Spatial localization data:
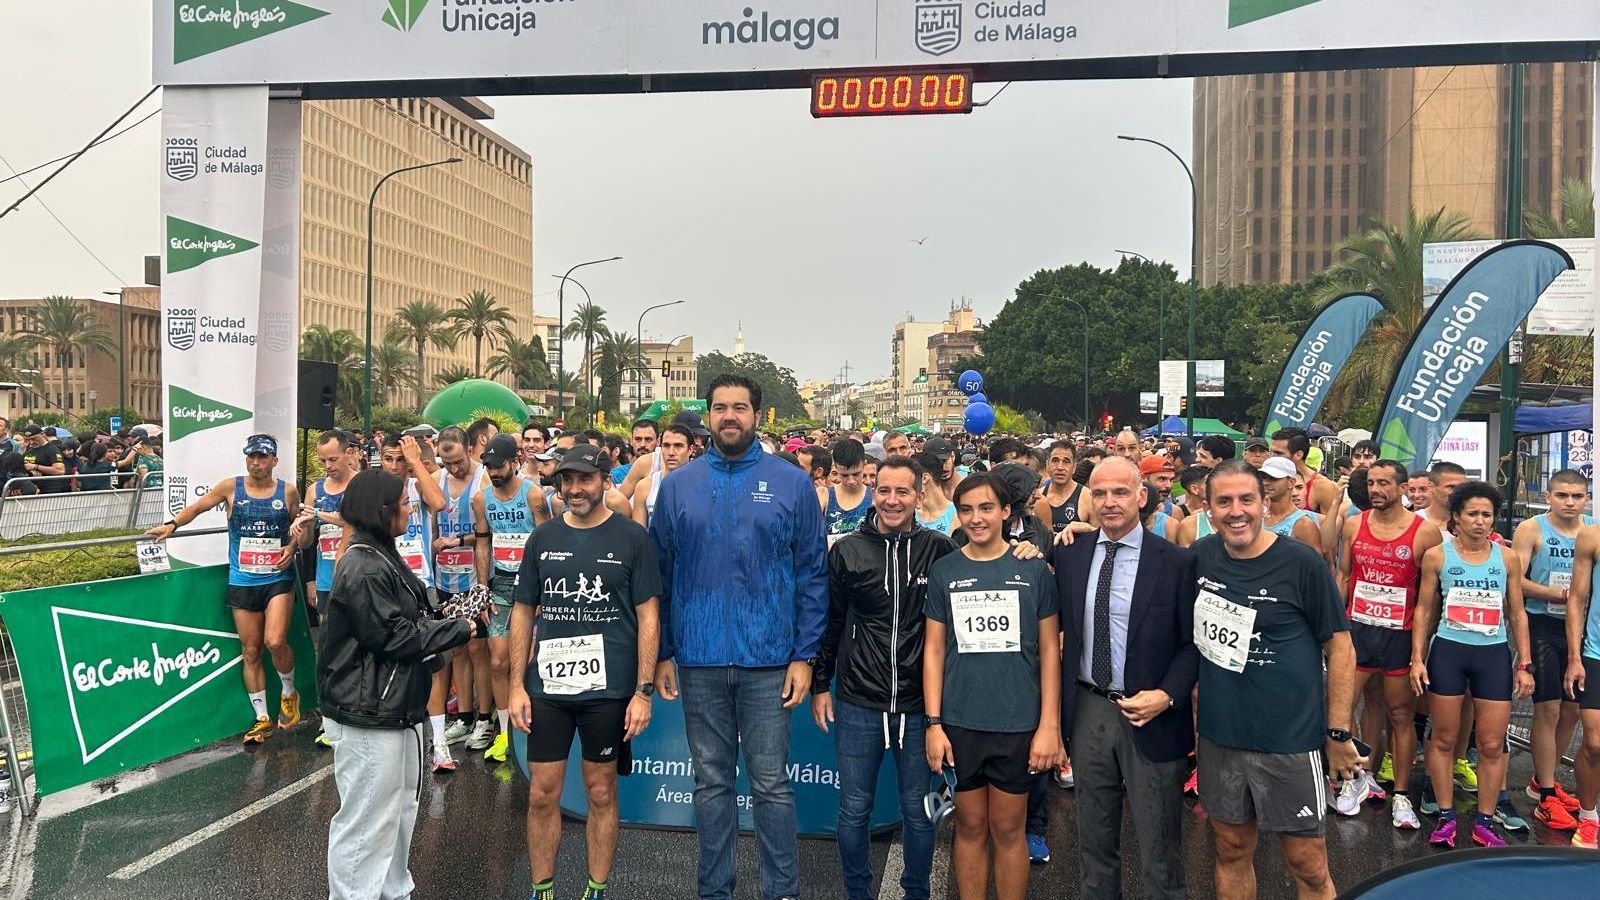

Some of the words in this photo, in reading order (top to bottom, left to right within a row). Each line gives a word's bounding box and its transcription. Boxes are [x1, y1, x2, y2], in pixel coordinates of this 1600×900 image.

[179, 5, 195, 22] El
[195, 5, 232, 22] Corte
[232, 0, 286, 29] Inglés
[974, 0, 1046, 19] Ciudad
[441, 6, 536, 36] Unicaja
[974, 26, 999, 42] de
[1005, 23, 1077, 43] Málaga
[205, 146, 247, 158] Ciudad
[204, 163, 217, 174] de
[221, 162, 263, 175] Málaga
[170, 238, 181, 249] El
[182, 239, 205, 249] Corte
[203, 235, 236, 252] Inglés
[199, 316, 245, 328] Ciudad
[199, 332, 214, 342] de
[218, 331, 257, 346] Málag
[1396, 289, 1489, 414] Fundación
[1274, 329, 1332, 416] Fundación
[1415, 335, 1489, 422] Unicaja
[1289, 360, 1334, 422] Unicaja
[172, 407, 182, 418] El
[196, 404, 233, 422] Inglés
[1571, 433, 1586, 442] 14
[1438, 442, 1460, 451] OTINA
[1462, 442, 1480, 452] EASY
[1571, 451, 1587, 462] 23
[1579, 468, 1593, 479] N2
[489, 506, 525, 522] nerja
[241, 524, 279, 532] MARBELLA
[250, 555, 272, 565] 182
[447, 555, 460, 564] 57
[508, 551, 516, 560] 4
[1362, 565, 1394, 584] Vélez
[1454, 577, 1500, 590] nerja
[1366, 601, 1392, 618] 203
[1466, 610, 1484, 621] 11
[965, 616, 1010, 632] 1369
[1202, 620, 1239, 649] 1362
[72, 662, 99, 691] El
[98, 658, 151, 686] Corte
[151, 641, 220, 686] Inglés
[545, 658, 600, 679] 12730
[631, 758, 695, 777] ntami
[785, 763, 840, 789] Málag
[656, 784, 693, 804] Área

[TO DO] Every record above should reappear exactly, with the pictures gone.

[TASK SOLUTION]
Some of the words in this photo, in reading order (top to bottom, left to right within a row). Each line gives a word's bounding box and its transcription. Boxes are [x1, y1, x2, y2], in pixel coordinates of this 1600×900 image.

[179, 5, 195, 22] El
[195, 5, 232, 22] Corte
[232, 0, 286, 29] Inglés
[974, 0, 1046, 19] Ciudad
[441, 6, 536, 36] Unicaja
[974, 26, 999, 42] de
[1005, 23, 1077, 43] Málaga
[205, 146, 247, 158] Ciudad
[204, 163, 217, 174] de
[221, 162, 263, 175] Málaga
[170, 238, 181, 249] El
[182, 239, 205, 249] Corte
[203, 235, 236, 252] Inglés
[199, 316, 245, 328] Ciudad
[199, 332, 214, 342] de
[218, 331, 257, 346] Málag
[1396, 289, 1489, 414] Fundación
[1274, 329, 1332, 416] Fundación
[1415, 335, 1489, 422] Unicaja
[1289, 360, 1334, 422] Unicaja
[172, 407, 182, 418] El
[196, 404, 233, 422] Inglés
[1571, 433, 1586, 442] 14
[1438, 442, 1460, 451] OTINA
[1462, 442, 1480, 452] EASY
[1571, 451, 1587, 462] 23
[1579, 468, 1593, 479] N2
[489, 506, 525, 522] nerja
[241, 524, 279, 532] MARBELLA
[250, 555, 272, 565] 182
[447, 555, 460, 564] 57
[508, 551, 516, 560] 4
[1362, 565, 1394, 584] Vélez
[1454, 577, 1500, 590] nerja
[1366, 601, 1392, 618] 203
[1466, 610, 1484, 621] 11
[965, 616, 1010, 632] 1369
[1202, 620, 1239, 649] 1362
[72, 662, 99, 691] El
[98, 658, 151, 686] Corte
[151, 641, 220, 686] Inglés
[545, 658, 600, 679] 12730
[631, 758, 695, 777] ntami
[785, 763, 840, 789] Málag
[656, 784, 693, 804] Área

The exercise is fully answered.